LNL Ltd. - TERMS AND CONDITIONS OF SALE.
1. In these conditions:
'LNL' shall mean LNL Limited. A company registered in England, number 05075325
'the Customer' shall mean any person, firm or corporation at whose request or on whose behalf LNL undertakes any business
or provides advice information or services. The customer will be either a business customer or a consumer.
A consumer is an individual who is not acting for the purposes of his or her business, organization or profession.
'the Goods' shall mean any goods, hardware or software sold or hired by LNL to the Customer.
PART A Terms and Conditions of Trading applying to all customers and orders
2. All orders whether written or verbal are accepted subject to the Goods being available and subject also to the
Terms and Conditions of Trading unless otherwise agreed by LNL in writing before delivery.
These Conditions override any Conditions of Purchase printed on the Customer's order forms.
3. No variation of these Conditions shall be agreed unless confirmed in writing by LNL.
4. Any details of specifications or other information supplied by LNL shall be subject to verification by the
Customer and in the event of any alteration, modification or amendment there to after quotation LNL reserves
the right to alter, modify or amend its quotation accordingly. Notwithstanding this, LNL reserves the right to
amend or change the specification of the products and goods and services offered without prior notice.
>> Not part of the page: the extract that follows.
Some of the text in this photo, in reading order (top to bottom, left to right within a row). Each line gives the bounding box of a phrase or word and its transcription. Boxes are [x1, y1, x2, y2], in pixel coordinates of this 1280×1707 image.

5. (a) LNL reserves the right to vary its prices without notice and unless otherwise agreed in writing prices shall be
those ruling at the date of dispatch of the goods. This condition shall not apply to fixed price quotations expressed
as such which shall be valid for 7 days from the date of issue, or any other period specified therein.
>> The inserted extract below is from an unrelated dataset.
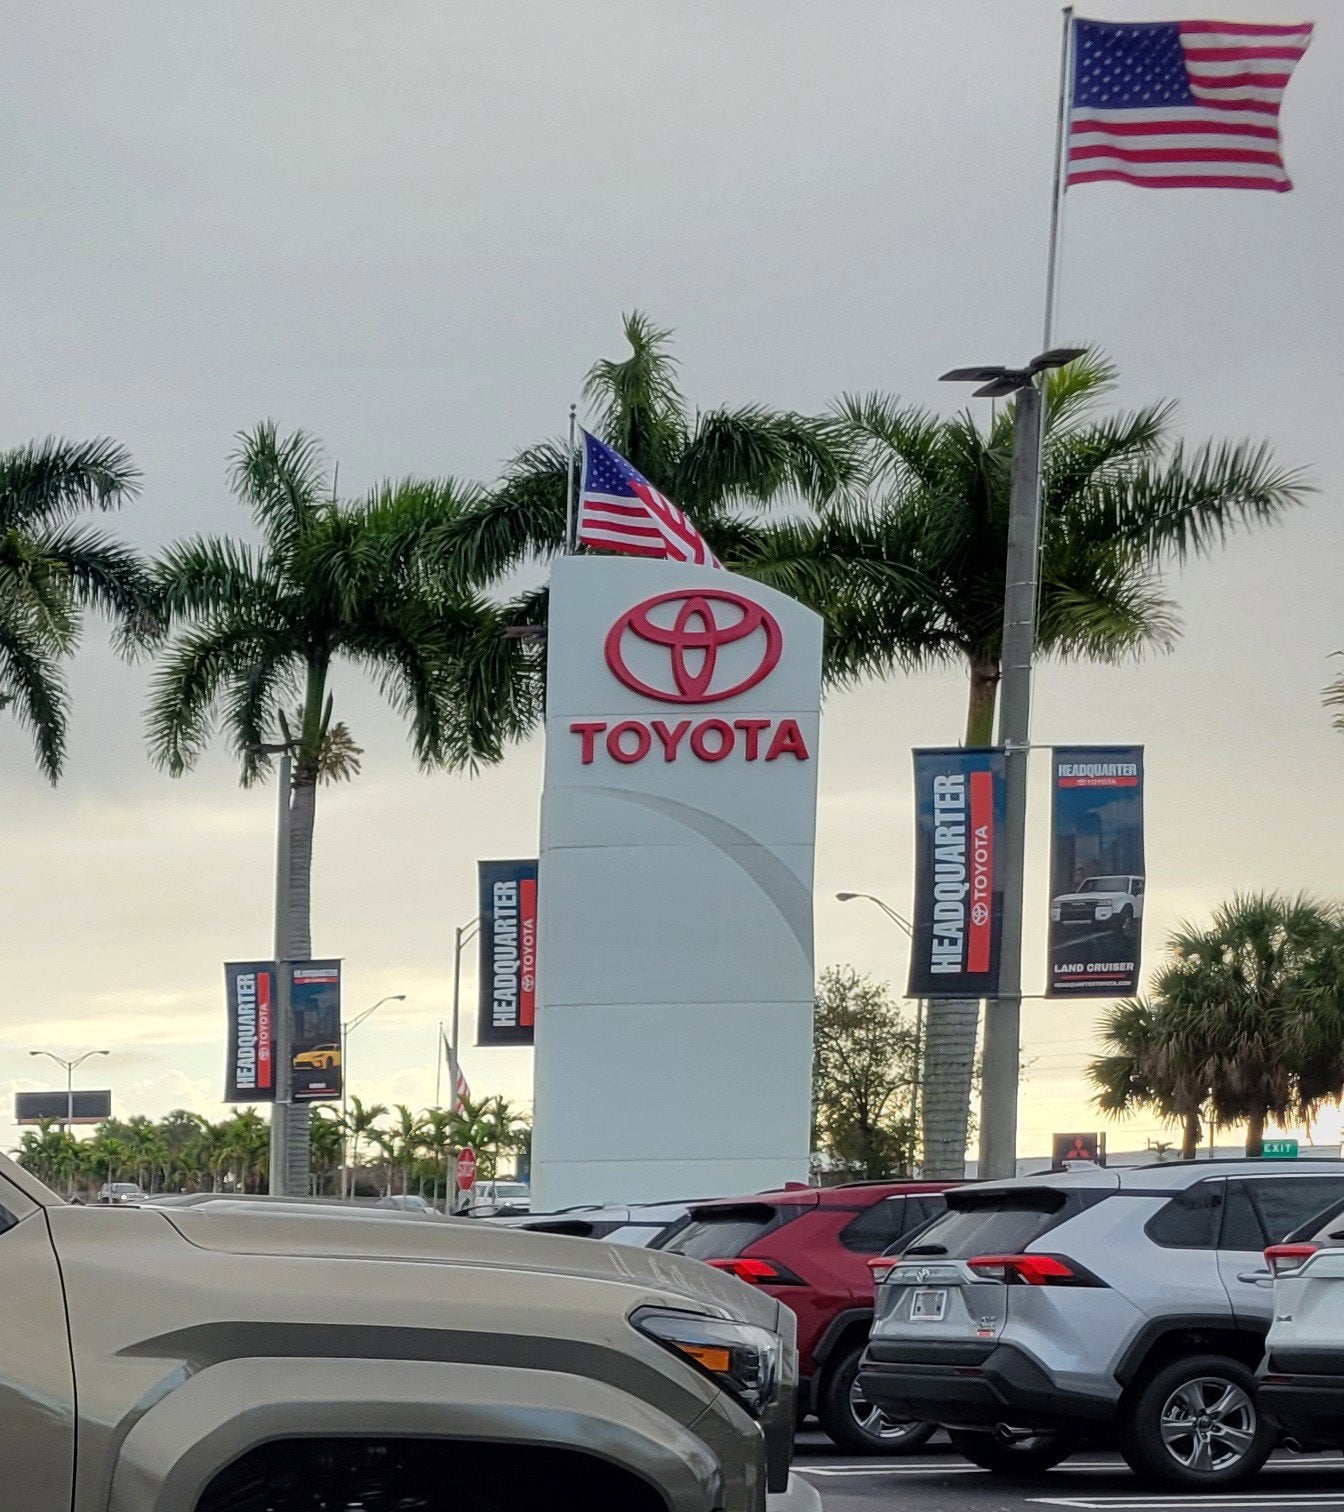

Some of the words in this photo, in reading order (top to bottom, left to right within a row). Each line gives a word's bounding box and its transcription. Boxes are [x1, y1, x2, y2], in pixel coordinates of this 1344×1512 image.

Such fixed price quotations specifically exclude any increases in LNL prices that may be occasioned by the increase
or imposition of any duty or tax or by adjustments or alterations in currency rates of exchange.
(b) All prices for the sale of products EXCLUDE delivery and insurance charges. These charges are payable by the
customer as shown on the invoice or quotation.
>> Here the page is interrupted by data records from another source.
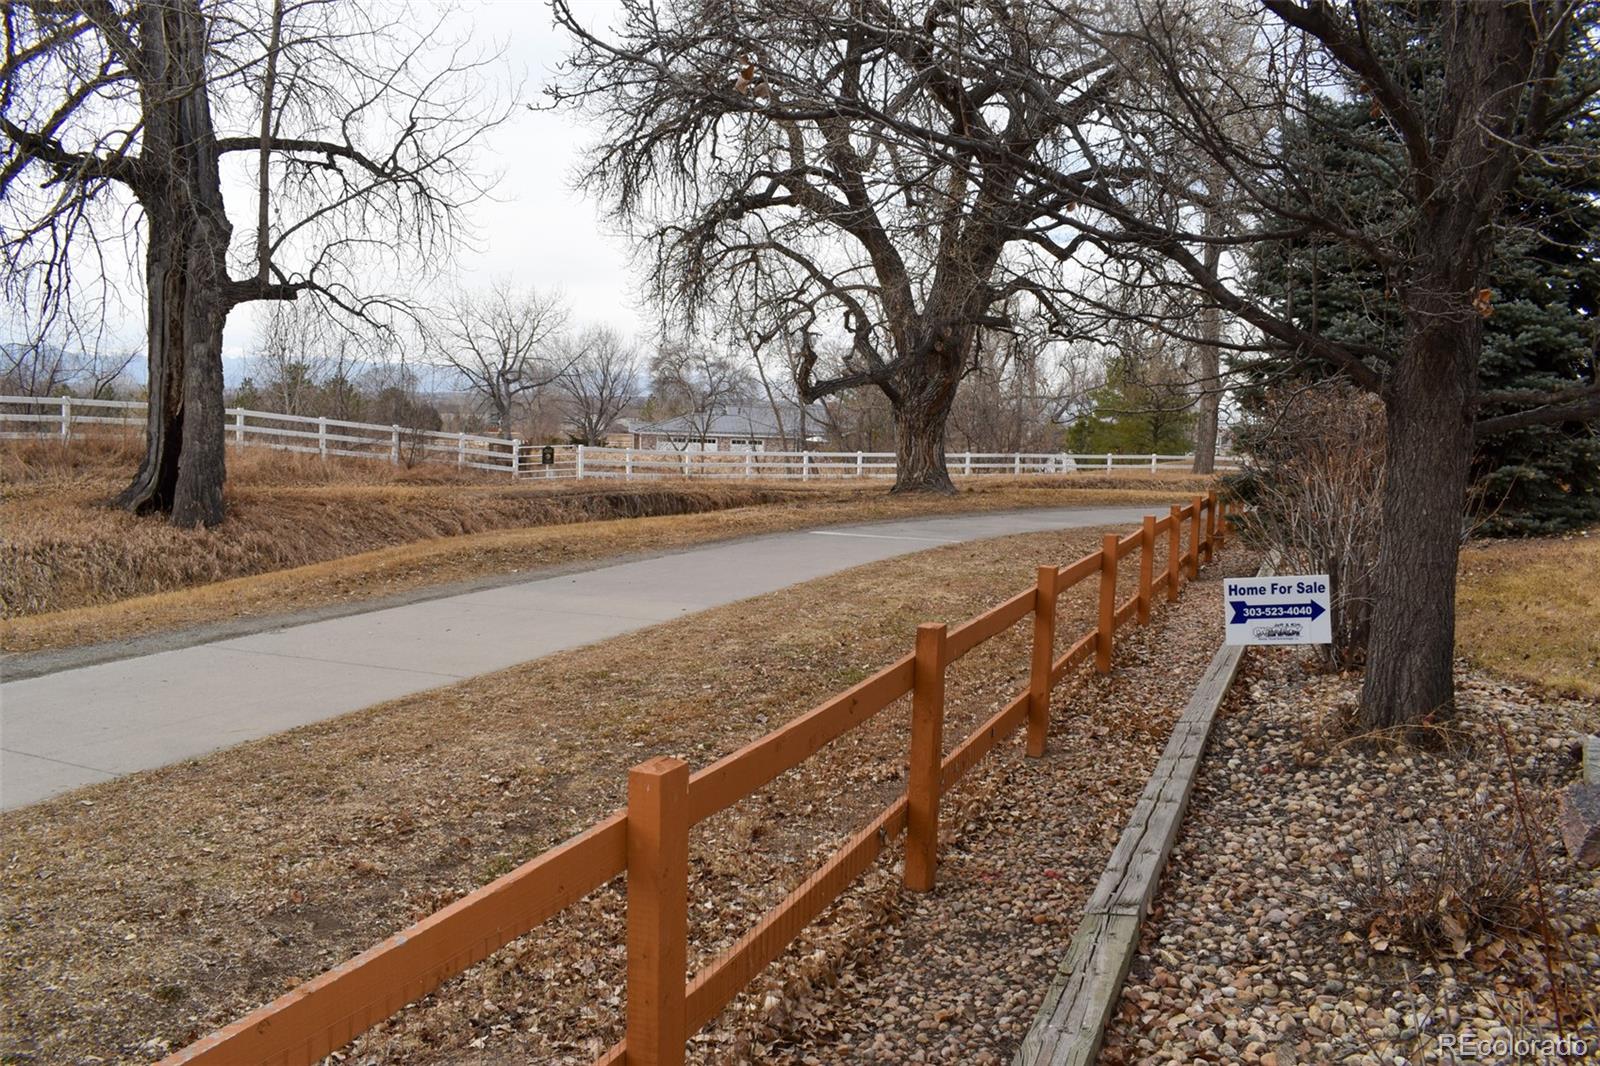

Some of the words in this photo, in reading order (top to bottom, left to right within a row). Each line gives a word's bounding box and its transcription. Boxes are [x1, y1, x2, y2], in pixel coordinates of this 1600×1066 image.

[1228, 584, 1266, 596] Home
[1271, 583, 1292, 595] For
[1296, 582, 1326, 594] Sale
[1243, 606, 1312, 616] 303-523-4040
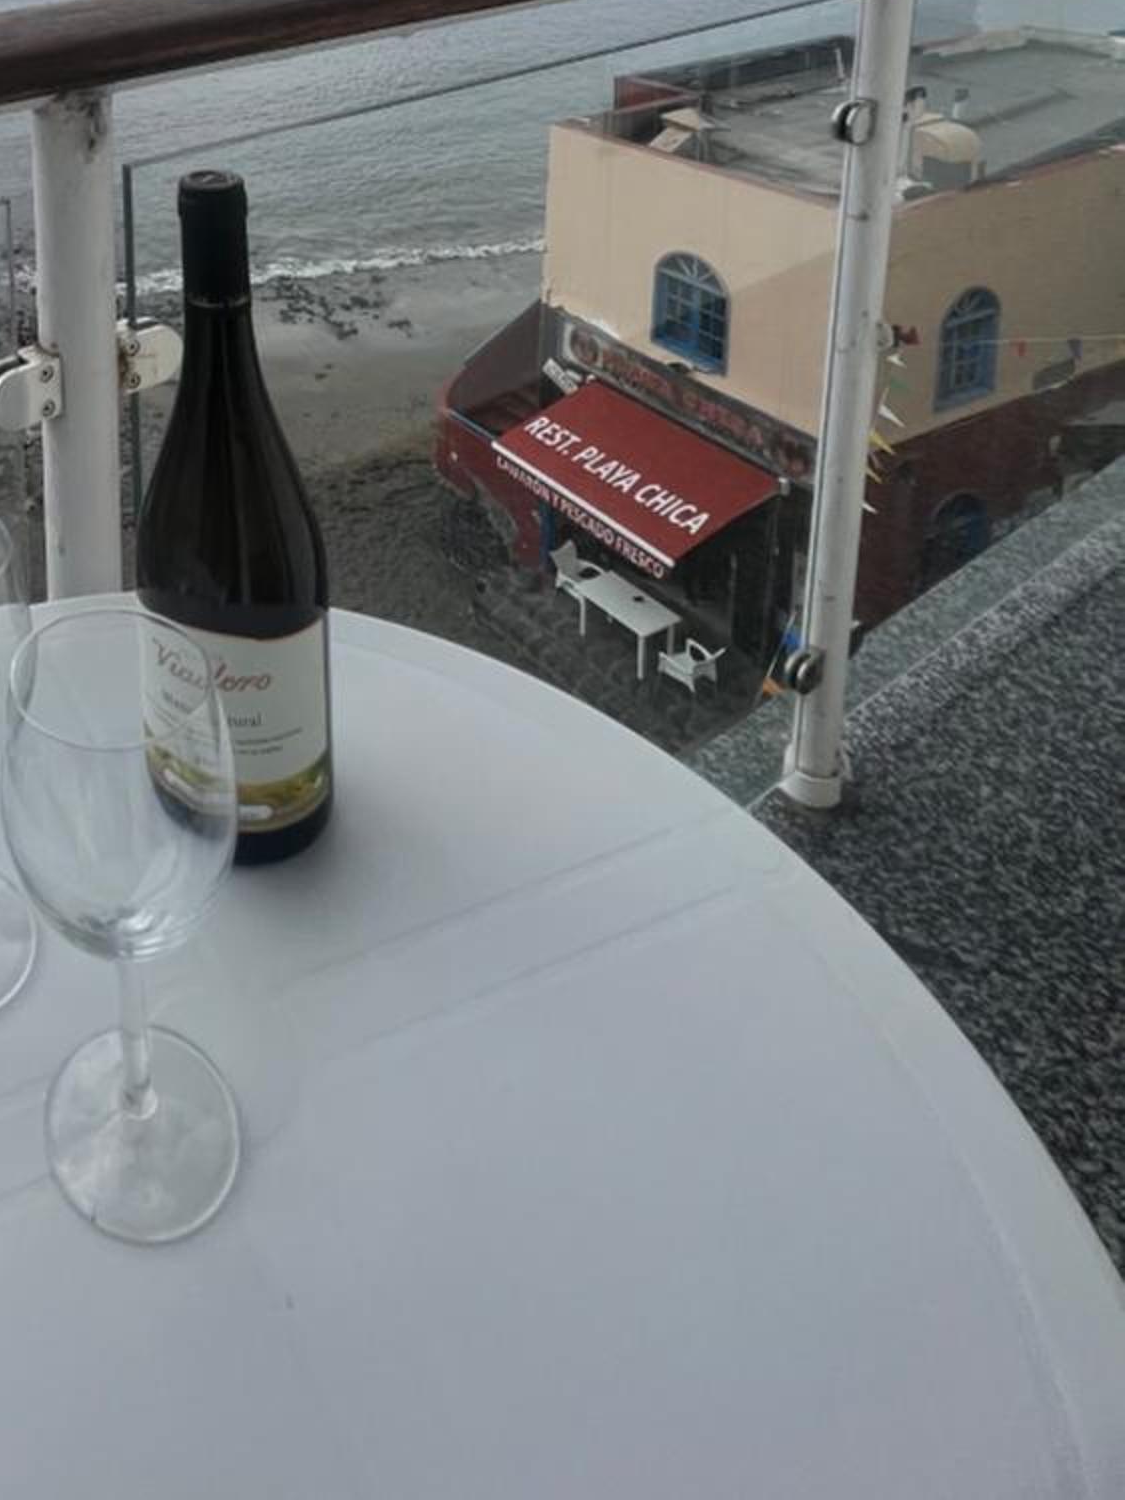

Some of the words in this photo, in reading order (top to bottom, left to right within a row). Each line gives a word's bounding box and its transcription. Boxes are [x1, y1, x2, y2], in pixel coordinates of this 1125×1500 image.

[523, 415, 583, 455] REST.
[570, 444, 642, 494] PLAYA
[633, 483, 711, 536] CHICA
(c) All prices for the sale of products EXCLUDE VAT. This will be added at the rate applicable at the date of purchase.
6. (a) LNL reserves the right to refuse to accept any order or to impose restrictions as LNL shall think fit.
Once an order placed with LNL has been accepted it cannot be cancelled, deferred or altered except by mutual agreement.
(b) Any order placed on the basis of an error in the prices shown by LNL in any of its pricelists, quotations,
internet sites or electronic commerce facilities (or any of these issued or operated on its behalf) will not be valid.
7. Payment shall be made in full before supply of products or services unless otherwise agreed in writing.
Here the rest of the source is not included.